Description of the task >>
Every entry in the following listing must be restated word for word, though not its pictures.

Material for this task >>

◆ ◆ ◆

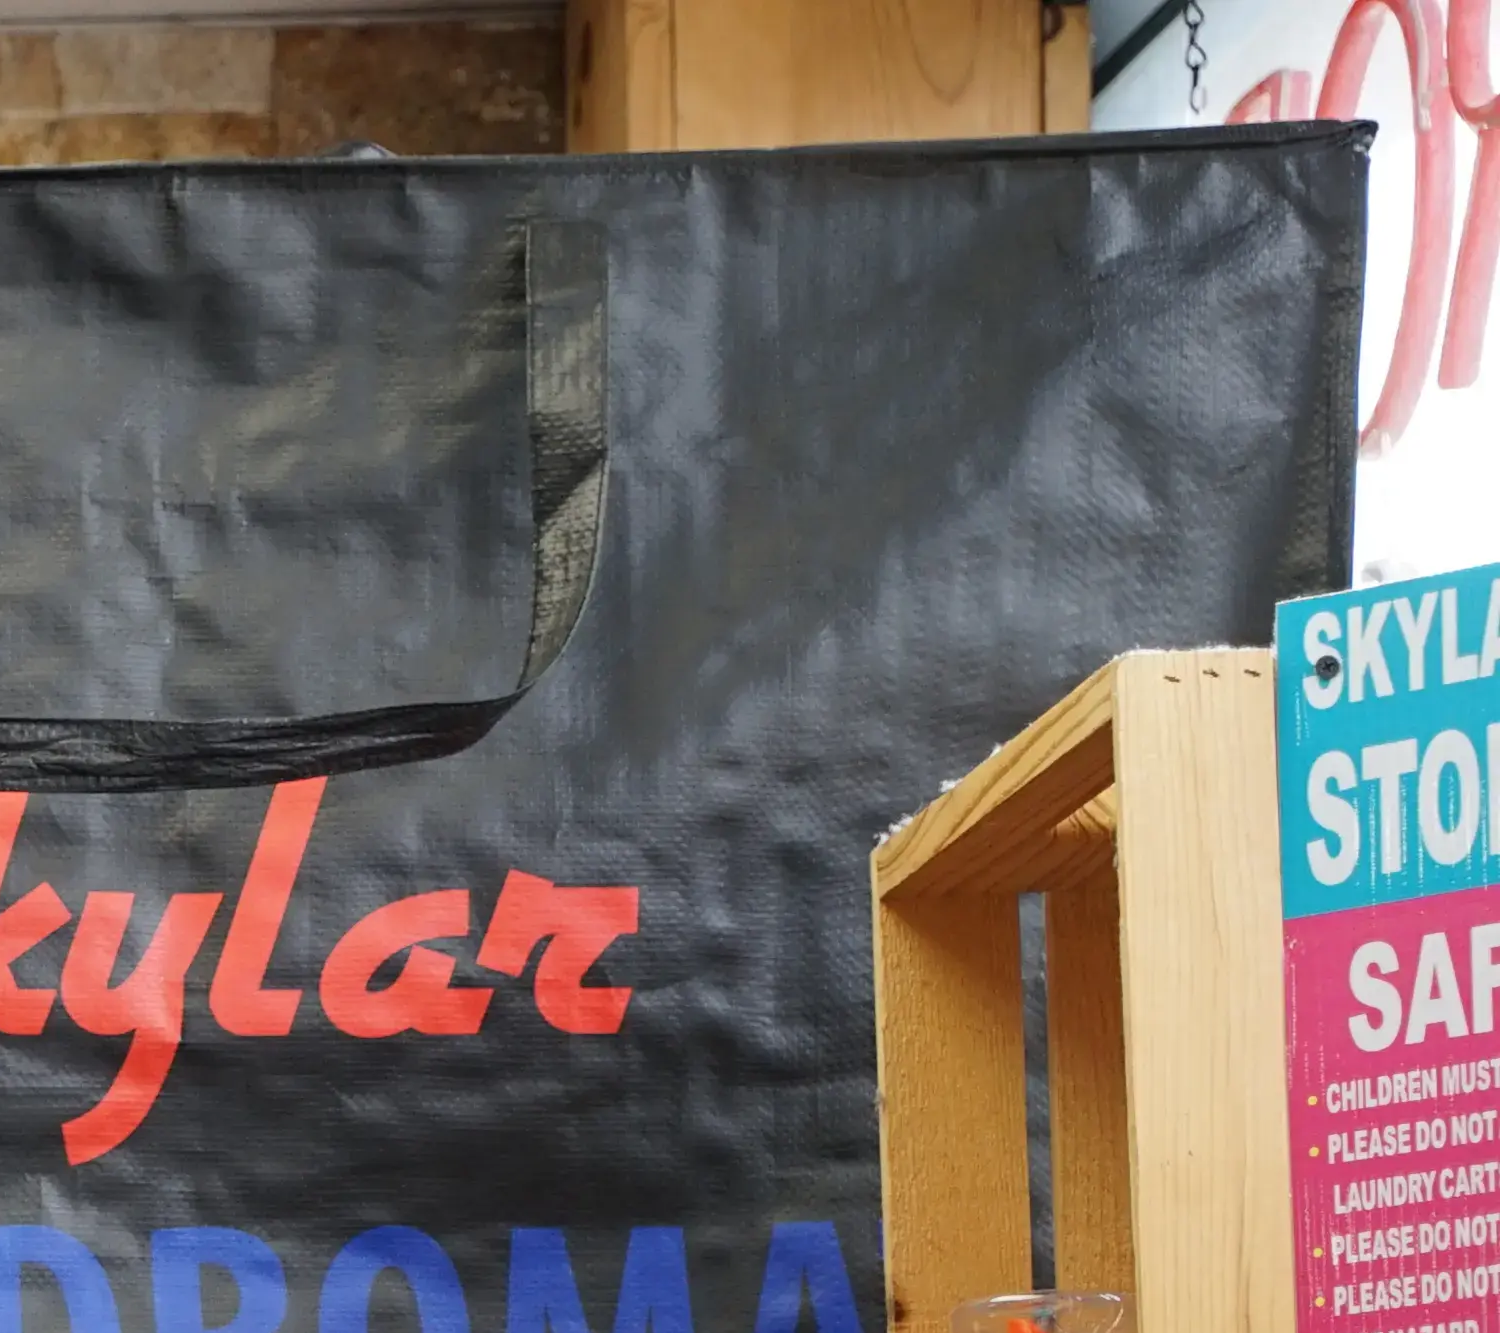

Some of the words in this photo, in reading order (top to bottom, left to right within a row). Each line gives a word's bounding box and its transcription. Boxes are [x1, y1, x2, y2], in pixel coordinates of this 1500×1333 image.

[1326, 1068, 1437, 1113] CHILDREN
[1328, 1122, 1411, 1164] PLEASE
[1416, 1118, 1447, 1152] DO
[1451, 1110, 1497, 1145] NOT
[1334, 1170, 1437, 1214] LAUNDRY
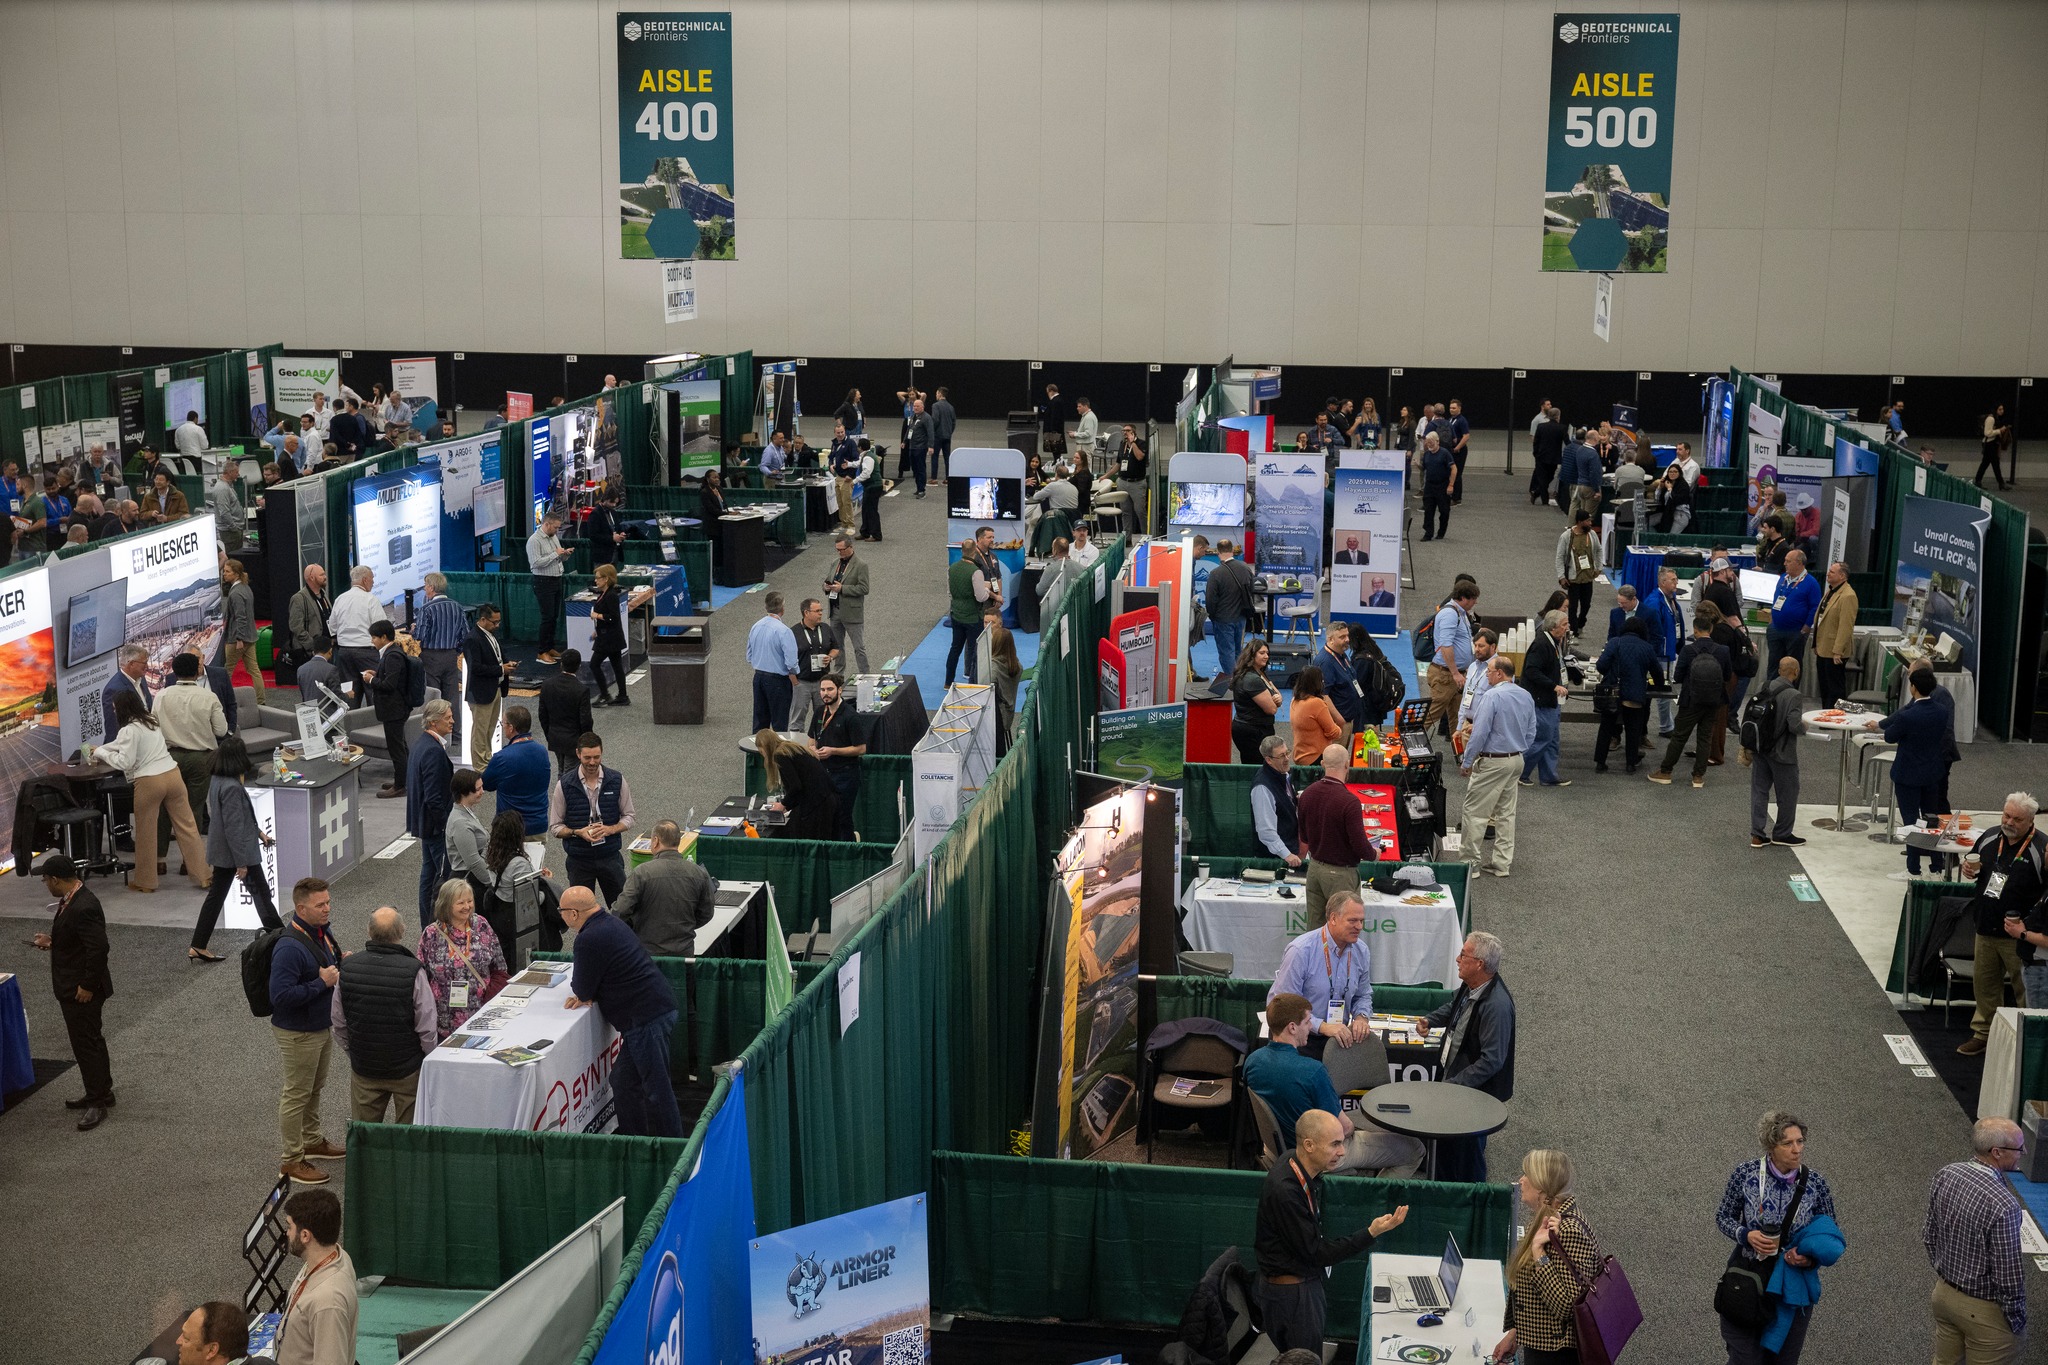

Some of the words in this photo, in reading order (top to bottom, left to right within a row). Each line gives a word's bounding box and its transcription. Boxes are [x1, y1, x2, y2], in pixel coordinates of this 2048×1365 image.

[644, 21, 726, 33] GEOTECHNICAL
[1581, 22, 1673, 34] GEOTECHNICAL
[644, 31, 688, 41] Frontiers
[1581, 33, 1630, 43] Frontiers
[638, 69, 713, 93] AISLE
[1571, 72, 1654, 97] AISLE
[635, 102, 718, 141] 400
[1564, 106, 1658, 148] 500
[667, 267, 682, 282] BOOTH
[279, 368, 327, 378] GeoCAAB
[1760, 445, 1770, 455] CTT
[1925, 528, 1949, 543] Unroll
[145, 531, 199, 568] HUESKER
[1913, 541, 1928, 557] Let
[1930, 545, 1944, 560] ITL
[1966, 556, 1977, 573] Sho
[0, 589, 26, 618] KER
[1120, 634, 1153, 651] HUMBOLDT
[67, 675, 79, 685] Learn
[79, 672, 90, 680] more
[89, 665, 101, 677] about
[66, 680, 91, 695] Geotechnical
[1101, 716, 1126, 725] Building
[1159, 710, 1183, 720] Naue
[1101, 722, 1138, 734] sustainable
[1100, 732, 1135, 743] ground.
[1362, 918, 1397, 933] ue
[573, 1036, 622, 1111] SYNTE
[585, 1101, 616, 1134] ACCAFERRI
[830, 1245, 897, 1277] ARMOR

◆ ◆ ◆

Response box >>
Some of the words in this photo, in reading order (top to bottom, left to right within a row). Each line gives a word's bounding box and its transcription. Boxes are [x1, y1, x2, y2], in pixel coordinates of this 1500×1333 image.

[1326, 1068, 1437, 1113] CHILDREN
[1328, 1122, 1411, 1164] PLEASE
[1416, 1118, 1447, 1152] DO
[1451, 1110, 1497, 1145] NOT
[1334, 1170, 1437, 1214] LAUNDRY

Some of the words in this photo, in reading order (top to bottom, left to right within a row). Each line gives a word's bounding box and its transcription. Boxes are [x1, y1, x2, y2], in pixel coordinates of this 2048×1365 image.

[644, 21, 726, 33] GEOTECHNICAL
[1581, 22, 1673, 34] GEOTECHNICAL
[644, 31, 688, 41] Frontiers
[1581, 33, 1630, 43] Frontiers
[638, 69, 713, 93] AISLE
[1571, 72, 1654, 97] AISLE
[635, 102, 718, 141] 400
[1564, 106, 1658, 148] 500
[667, 267, 682, 282] BOOTH
[279, 368, 327, 378] GeoCAAB
[1760, 445, 1770, 455] CTT
[1925, 528, 1949, 543] Unroll
[145, 531, 199, 568] HUESKER
[1913, 541, 1928, 557] Let
[1930, 545, 1944, 560] ITL
[1966, 556, 1977, 573] Sho
[0, 589, 26, 618] KER
[1120, 634, 1153, 651] HUMBOLDT
[67, 675, 79, 685] Learn
[79, 672, 90, 680] more
[89, 665, 101, 677] about
[66, 680, 91, 695] Geotechnical
[1101, 716, 1126, 725] Building
[1159, 710, 1183, 720] Naue
[1101, 722, 1138, 734] sustainable
[1100, 732, 1135, 743] ground.
[1362, 918, 1397, 933] ue
[573, 1036, 622, 1111] SYNTE
[585, 1101, 616, 1134] ACCAFERRI
[830, 1245, 897, 1277] ARMOR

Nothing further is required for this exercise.